_TASK STATEMENT_
Omitting all images, output the entries that follow exactly as written.

++++ MATERIAL FOR THE TASK ++++

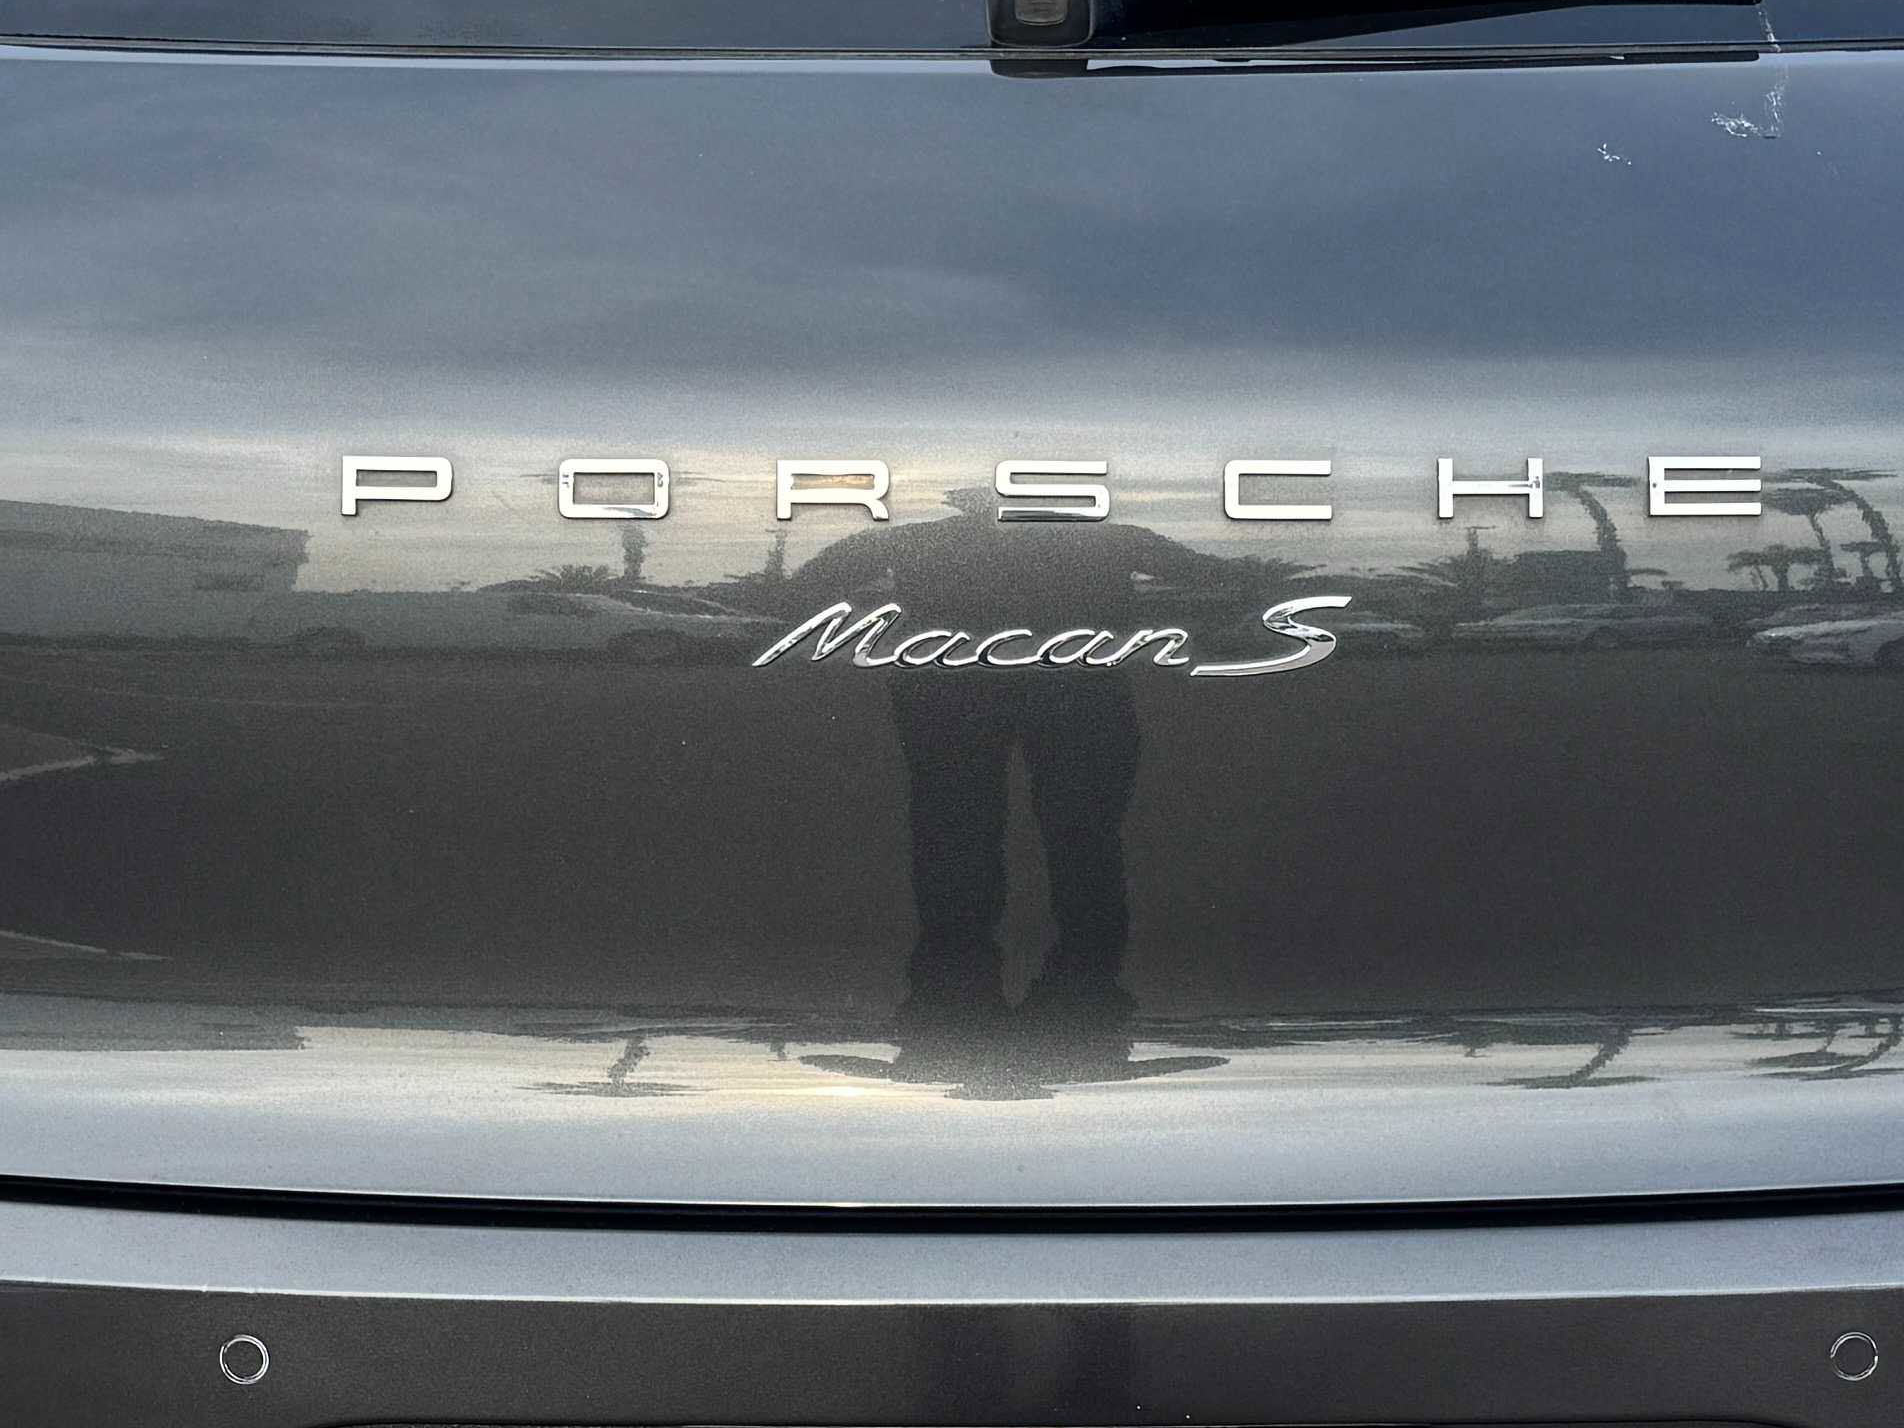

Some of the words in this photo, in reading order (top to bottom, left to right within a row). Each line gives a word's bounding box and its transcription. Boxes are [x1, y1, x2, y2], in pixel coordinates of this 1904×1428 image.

[340, 454, 1763, 522] PORSCHE
[752, 601, 1193, 669] Macan
[1191, 594, 1353, 678] S
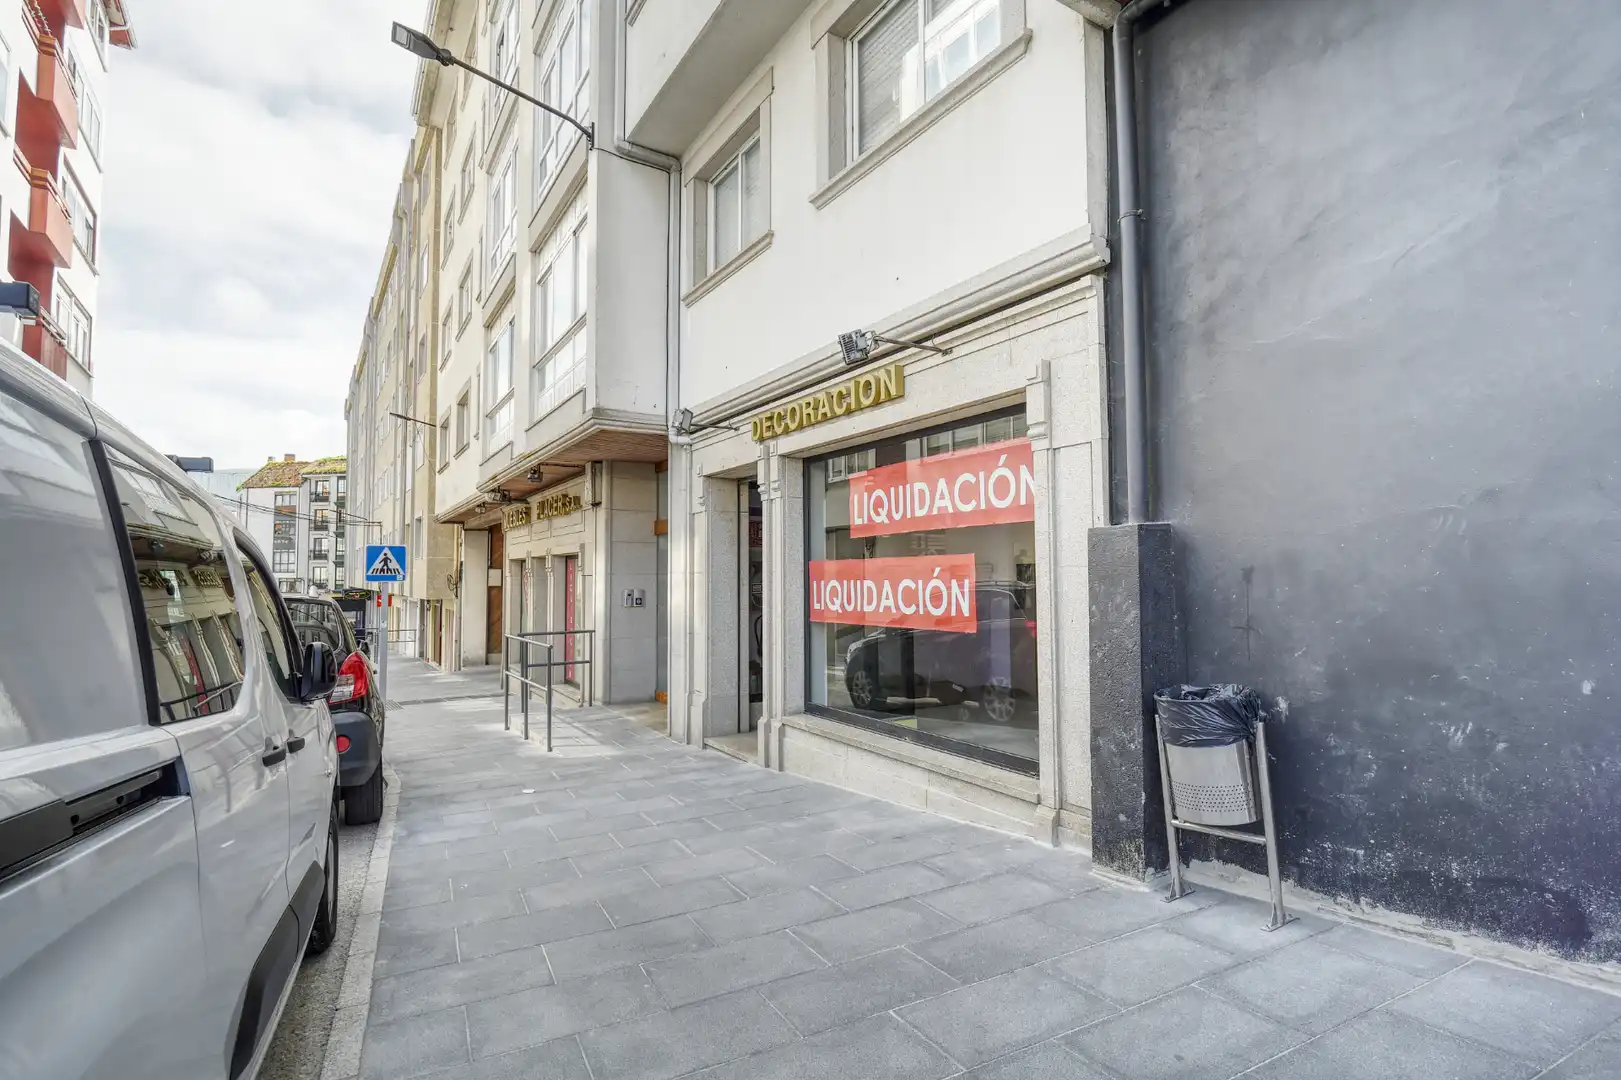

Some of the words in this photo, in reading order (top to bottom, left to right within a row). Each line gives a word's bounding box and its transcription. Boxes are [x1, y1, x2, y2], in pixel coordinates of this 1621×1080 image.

++++

_SOLUTION TO THE EXERCISE_
Some of the words in this photo, in reading order (top to bottom, left to right within a row). Each line gives a word's bounding box and its transcription. Boxes are [x1, y1, x2, y2], in pixel coordinates of this 1904×1428 image.

[340, 454, 1763, 522] PORSCHE
[752, 601, 1193, 669] Macan
[1191, 594, 1353, 678] S

Some of the words in this photo, in reading order (top to bottom, left to right within a row). Each line gives a word's bounding box and its transcription. Boxes are [x1, y1, x2, y2], in pixel coordinates of this 1621×1080 image.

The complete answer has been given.